_Task objective_.
Pick out every line in the data below that holds "FRESALVAJE".

_Available records_.
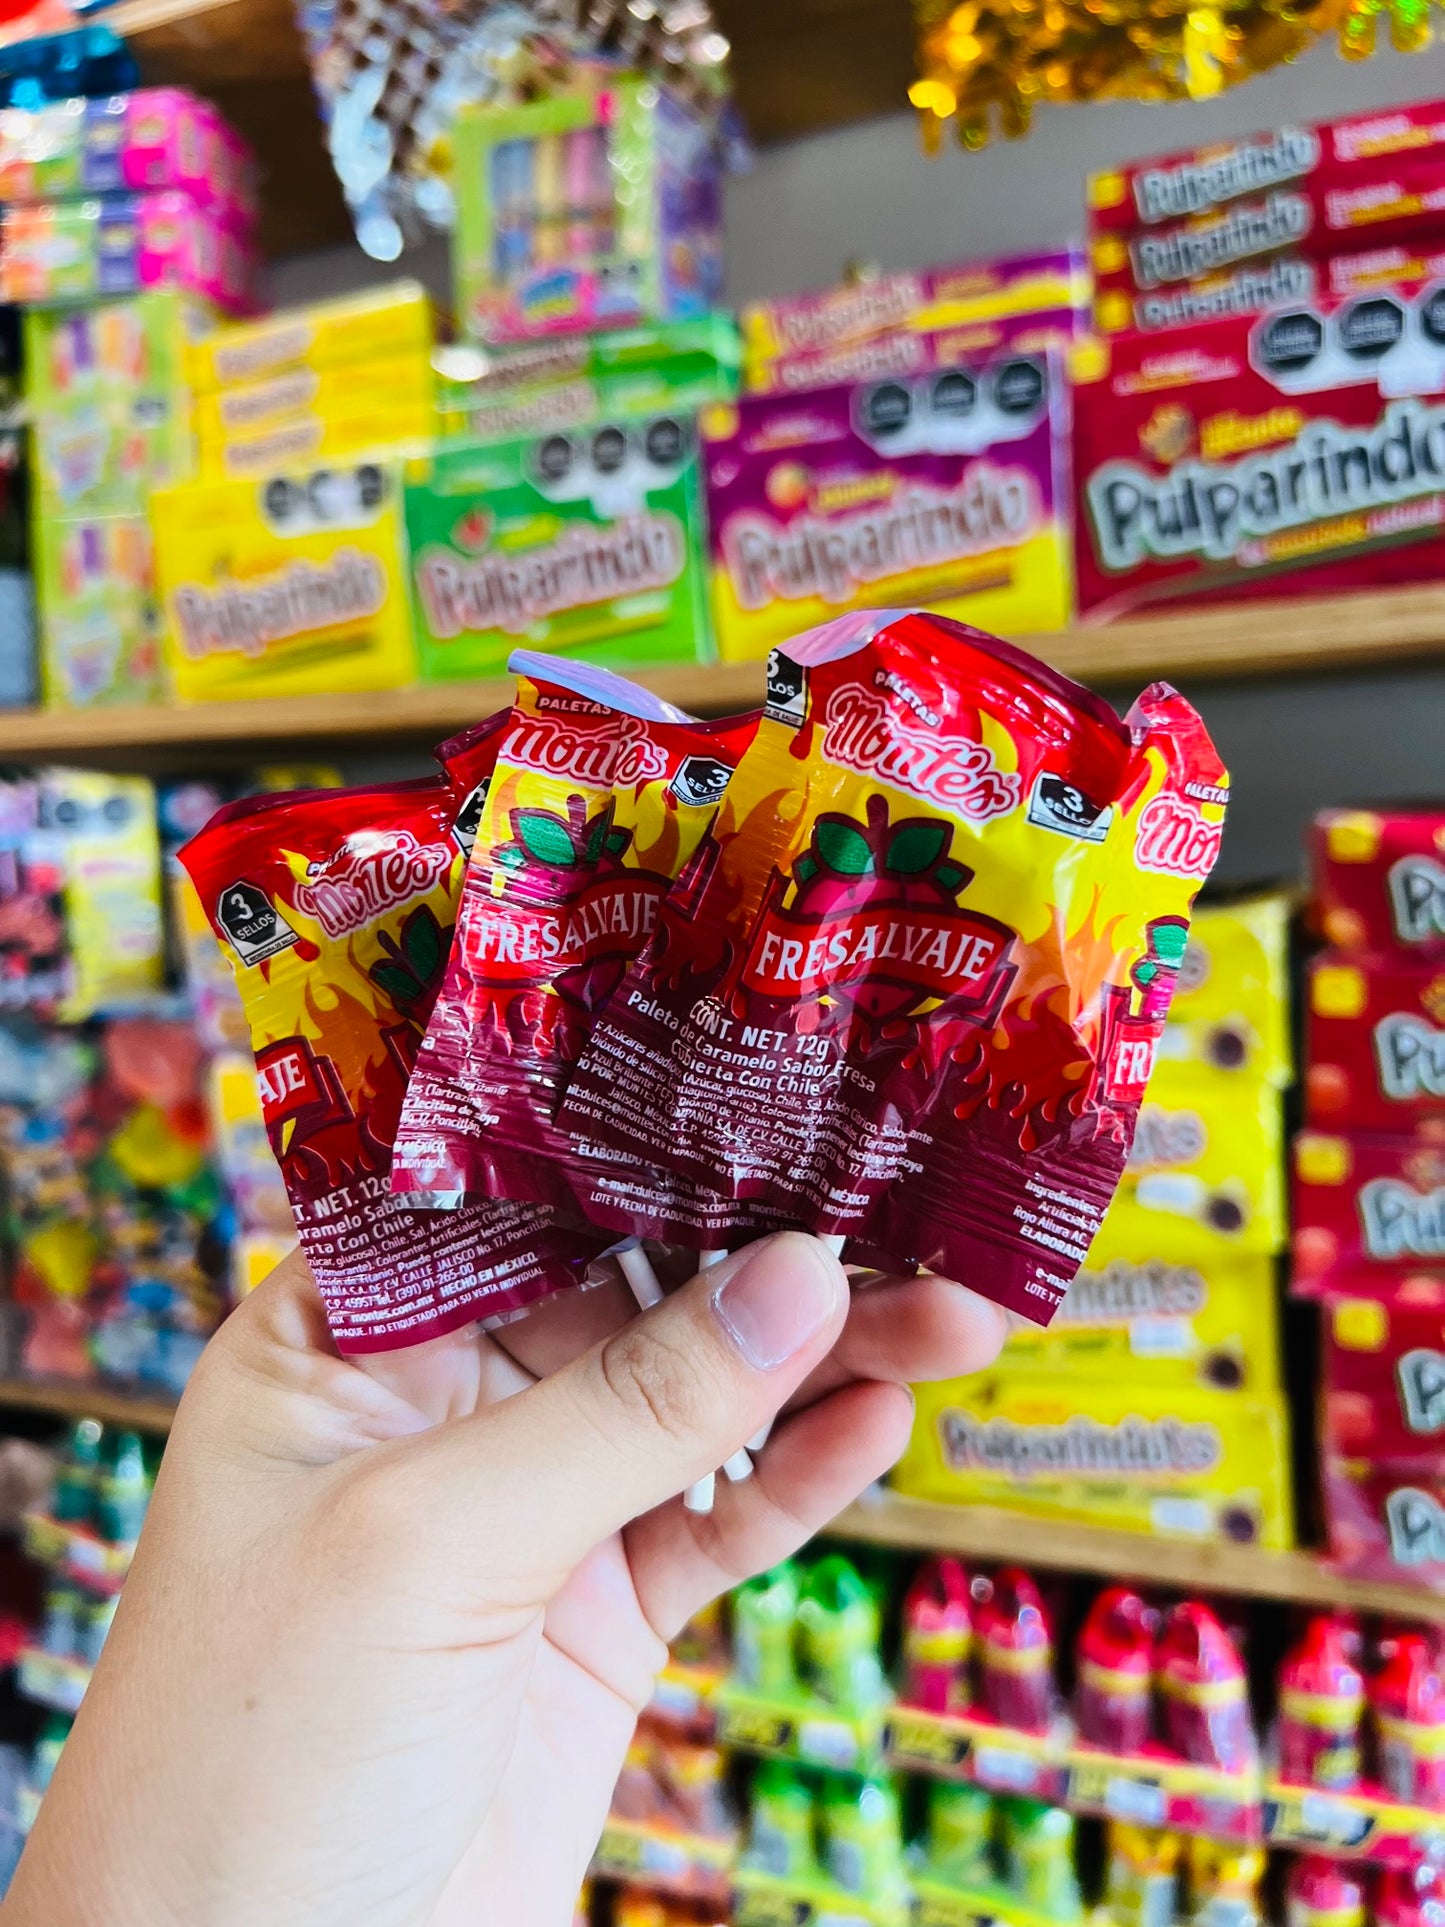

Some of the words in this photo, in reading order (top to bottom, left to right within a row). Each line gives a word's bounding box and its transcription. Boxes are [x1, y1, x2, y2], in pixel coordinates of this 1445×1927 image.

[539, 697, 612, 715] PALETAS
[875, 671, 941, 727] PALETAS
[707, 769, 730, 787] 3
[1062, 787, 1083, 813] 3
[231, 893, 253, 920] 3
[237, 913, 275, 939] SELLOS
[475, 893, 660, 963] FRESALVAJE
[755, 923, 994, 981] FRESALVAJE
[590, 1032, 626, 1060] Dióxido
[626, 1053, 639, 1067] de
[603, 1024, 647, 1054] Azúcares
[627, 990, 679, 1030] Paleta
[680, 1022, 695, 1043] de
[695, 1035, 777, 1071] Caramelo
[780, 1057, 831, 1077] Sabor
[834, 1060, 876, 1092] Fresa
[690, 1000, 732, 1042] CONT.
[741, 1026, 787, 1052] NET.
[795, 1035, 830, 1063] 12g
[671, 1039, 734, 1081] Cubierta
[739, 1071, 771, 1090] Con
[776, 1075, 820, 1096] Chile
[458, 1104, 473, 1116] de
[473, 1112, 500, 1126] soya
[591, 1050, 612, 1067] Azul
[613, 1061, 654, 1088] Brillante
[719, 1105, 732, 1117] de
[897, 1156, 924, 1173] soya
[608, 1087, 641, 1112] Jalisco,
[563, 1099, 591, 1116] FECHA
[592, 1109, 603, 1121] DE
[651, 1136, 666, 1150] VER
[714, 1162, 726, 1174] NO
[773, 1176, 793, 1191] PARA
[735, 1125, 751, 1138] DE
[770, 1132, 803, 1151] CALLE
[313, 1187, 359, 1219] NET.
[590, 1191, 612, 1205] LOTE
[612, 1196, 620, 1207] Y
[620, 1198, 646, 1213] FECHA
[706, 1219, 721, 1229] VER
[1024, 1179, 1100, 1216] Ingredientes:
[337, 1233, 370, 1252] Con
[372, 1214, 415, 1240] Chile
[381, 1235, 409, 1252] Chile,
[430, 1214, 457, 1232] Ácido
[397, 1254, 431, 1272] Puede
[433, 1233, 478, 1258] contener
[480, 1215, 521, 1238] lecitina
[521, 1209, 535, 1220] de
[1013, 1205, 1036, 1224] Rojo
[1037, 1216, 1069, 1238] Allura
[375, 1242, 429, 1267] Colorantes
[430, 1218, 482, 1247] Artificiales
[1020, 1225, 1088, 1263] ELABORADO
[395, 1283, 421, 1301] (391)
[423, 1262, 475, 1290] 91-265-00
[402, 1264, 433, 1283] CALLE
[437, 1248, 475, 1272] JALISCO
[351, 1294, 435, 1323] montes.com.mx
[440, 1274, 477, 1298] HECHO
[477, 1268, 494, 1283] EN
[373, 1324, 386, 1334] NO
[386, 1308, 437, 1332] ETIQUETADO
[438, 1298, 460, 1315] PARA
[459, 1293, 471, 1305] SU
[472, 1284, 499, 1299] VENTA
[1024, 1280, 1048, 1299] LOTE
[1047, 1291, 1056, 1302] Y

_Exercise output_.
[475, 893, 660, 963] FRESALVAJE
[755, 923, 994, 981] FRESALVAJE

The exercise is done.